Three interesting observations can be made here:
- There’s no Google. Despite Google’s recent massive numbers, as well as media newly proclaiming that mobile isn’t ruining Google’s search business at all, it would be interesting to see these numbers broken down by market, especially Asia and specifically Southeast Asia. Blending numbers and behavior across markets doesn’t reveal the true impact of a “mobile-first” or “mobile-only” market like Southeast Asia. Don’t get me wrong — Google Search is here to stay, even on mobile. However, its impact will be less prominent in our mobile age. As a MediaPost commentary points out: “In a sense, then, the rise of mobile means that — in some cases — search engines are being leapfrogged; we’re going directly to familiar, popular or mobile-friendly channels without visiting a search engine first.”
- There’s no YouTube. Video is moving to Instagram, Facebook and messaging apps like Line. Facebook now has more than 3 billion video views per day. And Line recently launched a YouTube-like video service in — where else but — Thailand. Line picked Thailand over its biggest market (Japan) for this launch because Thailand, not Japan, is a truly mobile-first market.
- There are no commerce apps. Granted, this is an 18-year old high school student in an emerging market, but as soon as habits are formed, they are very hard to change.

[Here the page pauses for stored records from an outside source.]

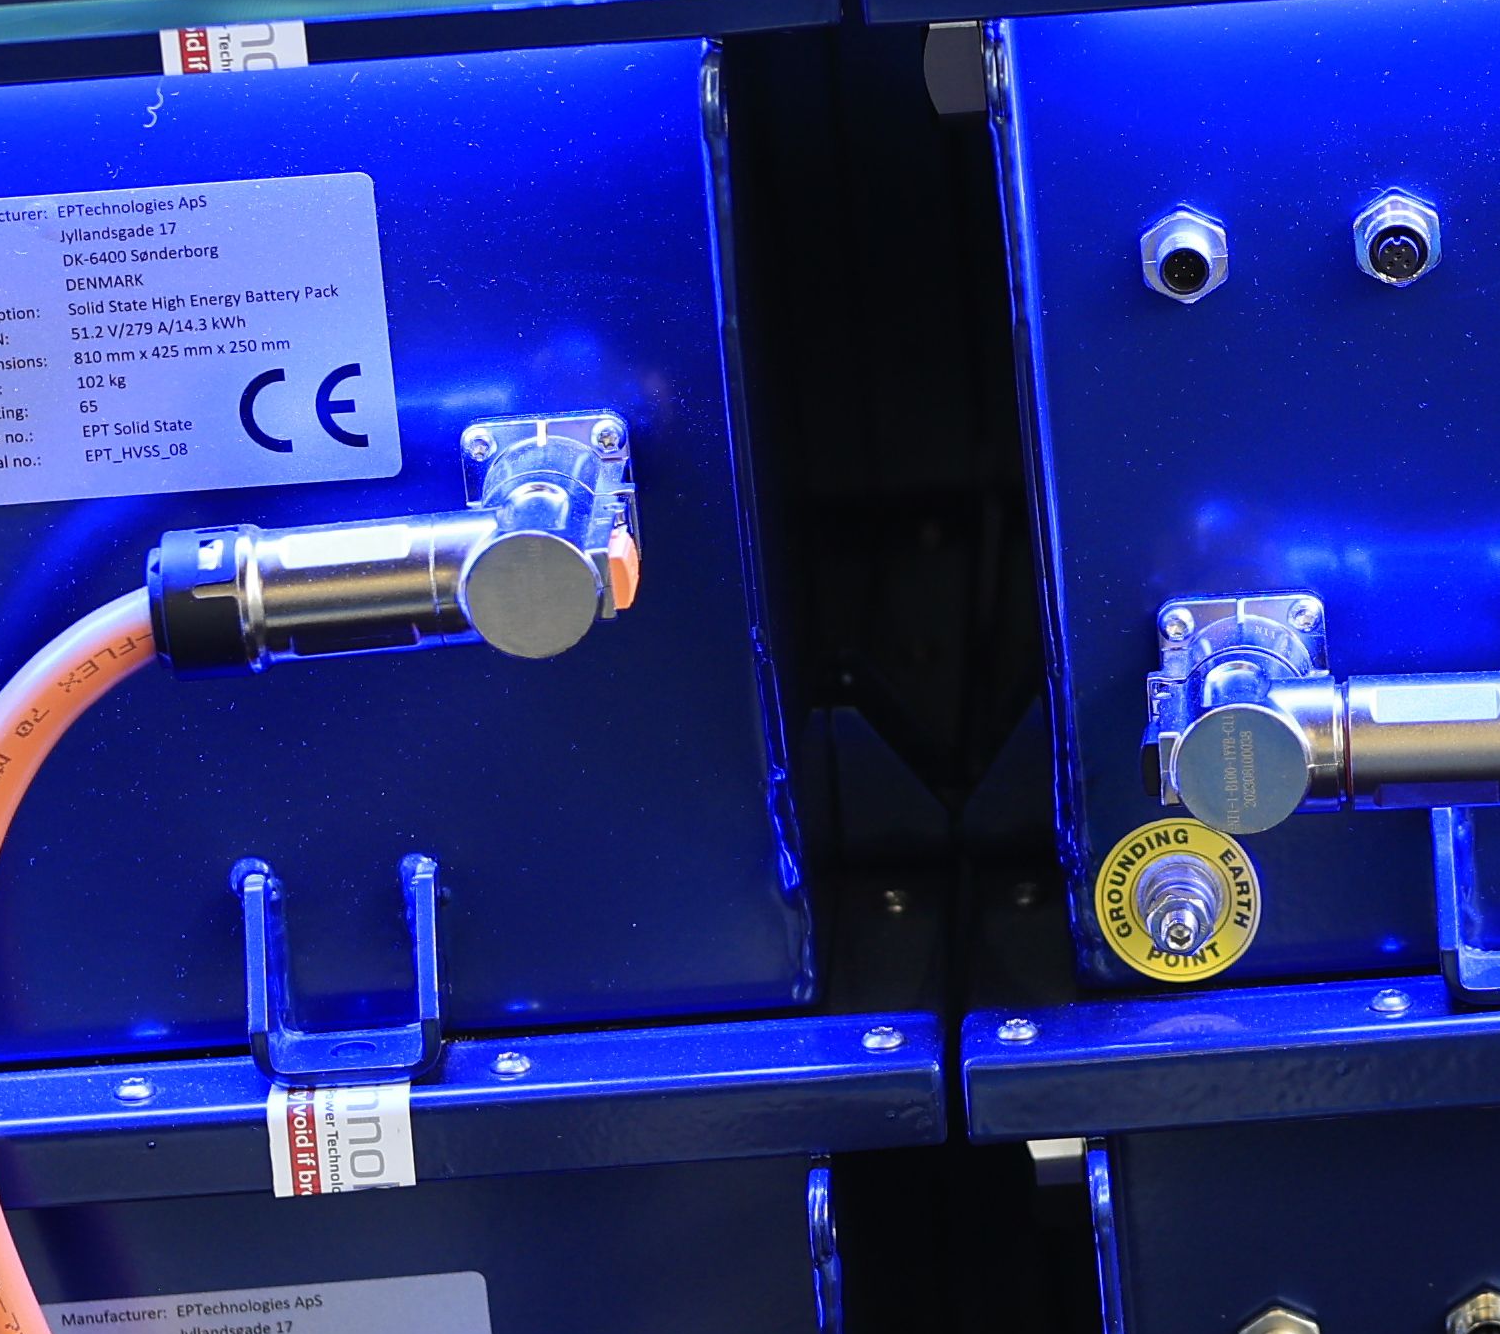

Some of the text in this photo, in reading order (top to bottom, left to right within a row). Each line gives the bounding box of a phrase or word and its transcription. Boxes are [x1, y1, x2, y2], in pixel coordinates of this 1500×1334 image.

[57, 198, 174, 218] EPTechnologies
[178, 195, 207, 211] ApS
[60, 222, 176, 245] Jyllandsgade 17
[63, 245, 219, 267] DK-6400 Sønderborg
[66, 273, 144, 291] DENMARK
[68, 300, 104, 316] Solid
[108, 299, 148, 313] State
[152, 295, 186, 312] High
[190, 294, 241, 308] Energy
[245, 290, 300, 303] Battery
[305, 284, 339, 299] Pack
[71, 325, 104, 340] 51.2
[107, 322, 153, 339] V/279
[157, 318, 207, 336] A/14.3
[211, 315, 246, 330] kWh
[74, 350, 102, 365] 810
[106, 351, 135, 362] mm
[139, 350, 148, 360] x
[151, 345, 179, 359] 425
[184, 345, 213, 357] mm
[216, 344, 226, 354] x
[229, 339, 257, 354] 250
[261, 340, 290, 351] mm
[77, 375, 105, 389] 102
[109, 373, 126, 389] kg
[79, 400, 98, 413] 65
[5, 432, 33, 444] no.:
[83, 423, 109, 438] EPT
[114, 420, 150, 436] Solid
[154, 419, 192, 433] State
[13, 456, 41, 467] no.:
[85, 442, 188, 464] EPT_HVSS_08
[1107, 828, 1189, 939] GROUNDING
[1219, 848, 1252, 929] EARTH
[1147, 941, 1222, 968] POINT
[291, 1104, 314, 1149] void
[61, 1294, 323, 1326] Manufacturer: EPTechnologies ApS
[276, 1320, 293, 1334] 17

Also, as discussed earlier, there may not be a need for commerce apps at all as Instagram, Line and Facebook already are becoming the de facto commerce platforms in Southeast Asia. Facebook, Instagram and Twitter officially going into buy buttons will only reinforce this, especially in this region. This phenomenon with the next generation will pose a major challenge to established e-commerce retailers and platforms in Southeast Asia, given how dominant Facebook, Instagram, Line and Twitter are in this region.
Driven by two unique forces, “no-tail” and “mobile leapfrogging,” Southeast Asia is in a special position to be the melting pot for new mobile business models. Stop looking at the U.S., China or even Korea/Japan for inspiration for the future of mobile, because it is not happening there. Ironically, mature and developed markets carry the heavy legacy of the desktop Internet era, whereas Southeast Asia started with a clean slate, allowing the latter to be in a unique position to experiment and develop new business models on mobile, primarily driven by commerce.